Working with quantitative data, which requires sophisticated mathematical and computer-assisted evaluation methods, came very late in the geological sciences, compared to other scientific disciplines. Unfortunately, in many geology courses worldwide university-level mathematics and computational geosciences is not included, as my experience – as the current chair of the examination committee – from processing this year’s masters applications suggests.
When I changed from geophysics to geology in the mid 1980s at Karlsruhe University, it was a surprise to see that working with quantitative data was not very popular. Measuring strike and dip, entering the values into a map, and drawing rose diagrams by hand –this was the evaluation of geological data. Shortly before, I had taken courses in university-level mathematics, in numerical and statistical methods, and a FORTRAN77 programming course in geophysics – a different world. Computers were already widespread and affordable, but the word processing was still done with an electric typewriter.
This is still reflected in the study plans for the geology of many universities; it is actually only worse in the geography. At least in Germany you can get a Bachelor degree in geography without any knowledge of mathematics, physics or chemistry. This is my experience after completion of the application procedures of our master study courses Geosciences and Remote Sensing, geoInformation and Visualization (RSIV). We had to reject many applicants because they could not prove the required mathematical knowledge. The applicants are of course disappointed because of the rejection, but the quantitatively oriented geoscientific courses at the University of Potsdam require a solid knowledge in mathematics and computer sciences.
Is it because many of the colleagues of my age did not take the detour via geophysics, they did not take maths and computer science course before getting their degree? Of course, today they are all successful geologists, even without solid mathematics and computer science education. In most places – I know of a German university where obligatory maths courses were introduced just recently – university-level mathematics is now included in the curriculum, whereas advanced courses in computational data analysis are still not very popular. This is unfortunately changing very slowly; only a few places where you can study geology are currently revising courses and incorporate sophisticated methods of data analysis into the classroom.

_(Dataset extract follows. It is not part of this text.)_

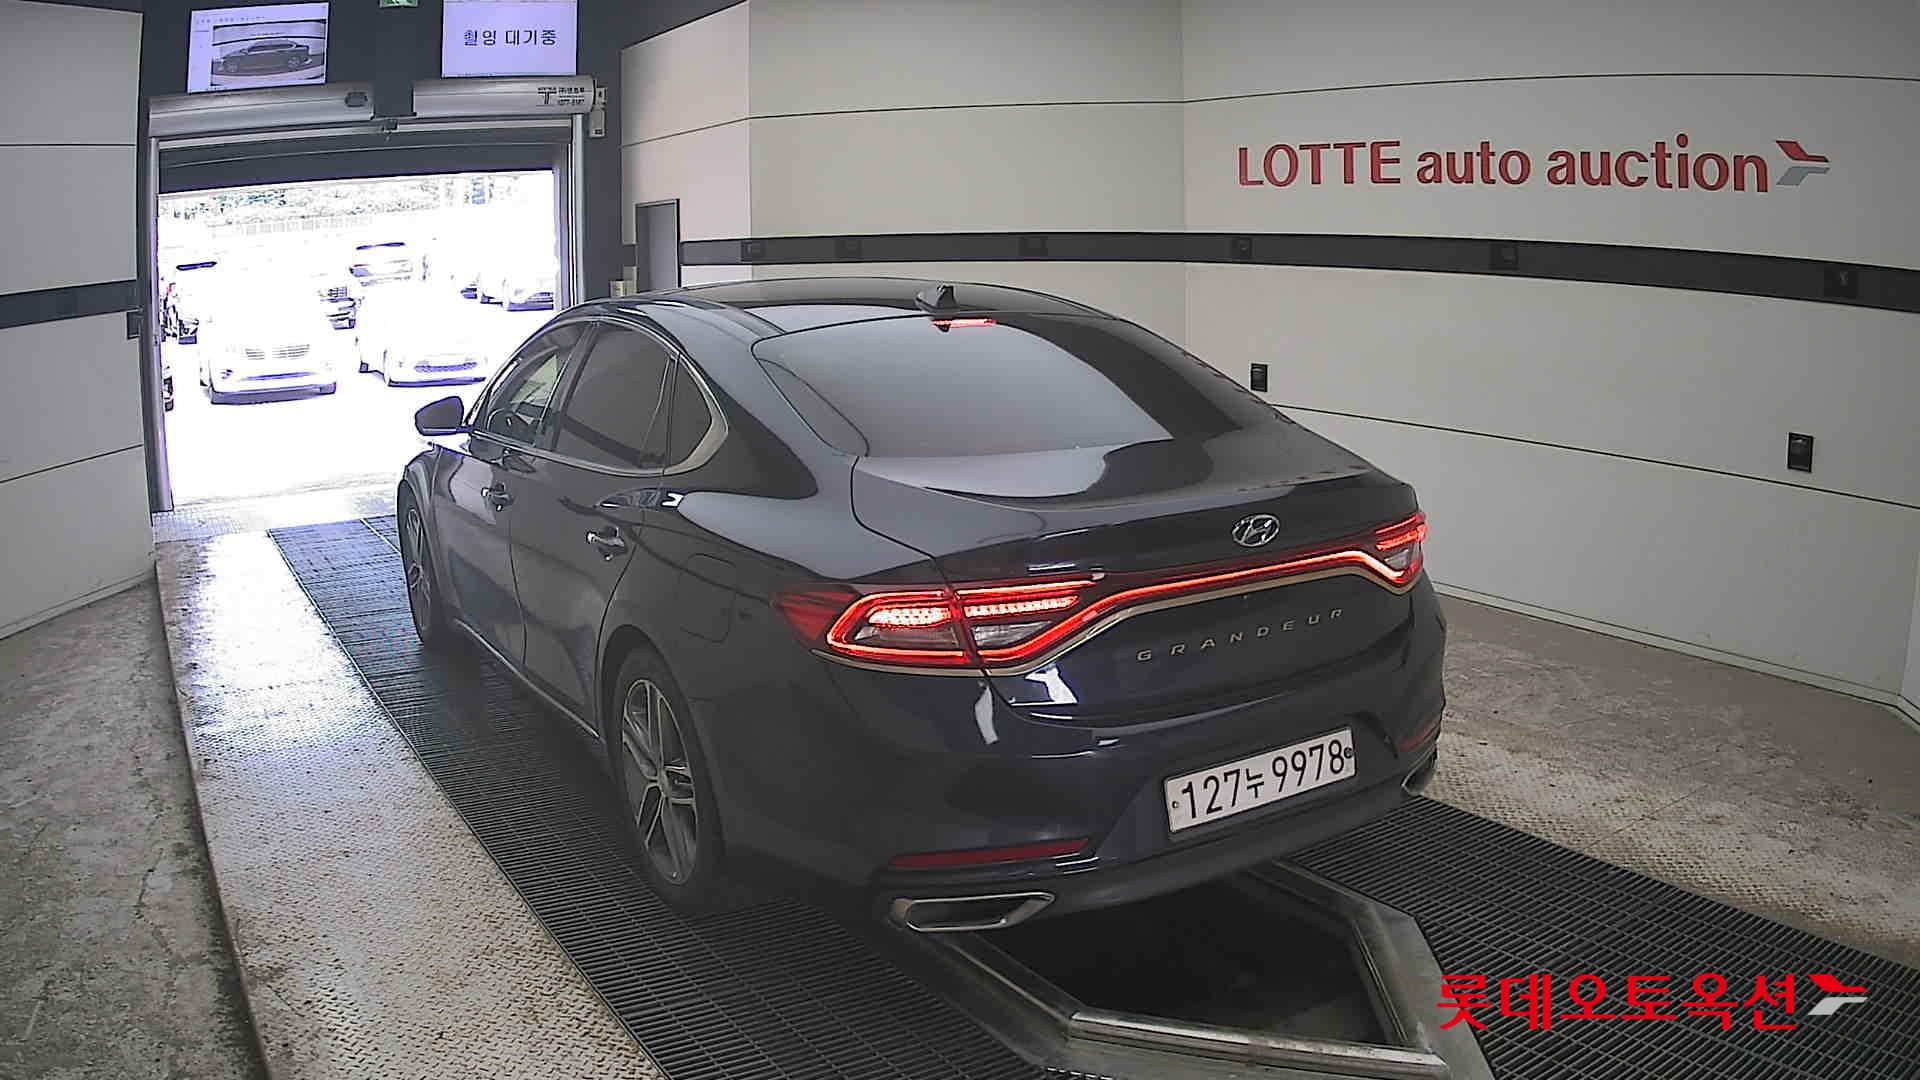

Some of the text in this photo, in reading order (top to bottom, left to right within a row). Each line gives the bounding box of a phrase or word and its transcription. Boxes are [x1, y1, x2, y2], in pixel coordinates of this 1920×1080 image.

[505, 29, 557, 46] 대기중
[1238, 133, 1768, 193] LOTTE auto auction
[1136, 607, 1343, 662] GRANDEUR

However, the chances of finding an attractive job after graduation are huge, after acquiring a solid knowledge in data analysis. The job vacancies are full of opportunities in the field of remote sensing, geoinformation systems or risk research, all of which require solid knowledge in computational geosciences, together with maths, physics and chemistry. In the recent past, mathematicians and computer scientists have tried to fill this gap.
Master’s courses such as Computational Sciences at the University Potsdam tried to train computer scientists in natural sciences. The original idea for this study course was that the participants acquire basic scientific knowledge in lectures on evolutionary biology and plate tectonics. Instead, they prefer courses in the field of computer science in the geosciences, such as my courses in computational geosciences. During the course they were enthusiastic participants as long as it was about programming Lego Mindstorms. When we went into the field to actually make geoscientific measurements, they all disappeared.
This is why we are trying to teach quantitative methods of data analysis in the geosciences here in Potsdam. In my experience, it is much more efficient to teach a geoscientist in data analysis than a data analyst in geosciences (see also this interesting article about data science). And this seems to work very well, as the success of my books and courses during the last two decades suggest. In fact, we have just introduced a whole master study course Geosciences and Remote Sensing, geoInformation and Visualization (RSIV), which is why we have only accepted natural scientists. In addition, a few computer scientists and engineers were admitted, but all had to prove that they had taken courses in the natural sciences to a certain extent. On the other hand, the geoscientists, also the geographers, were required to have sufficient knowledge of mathematics.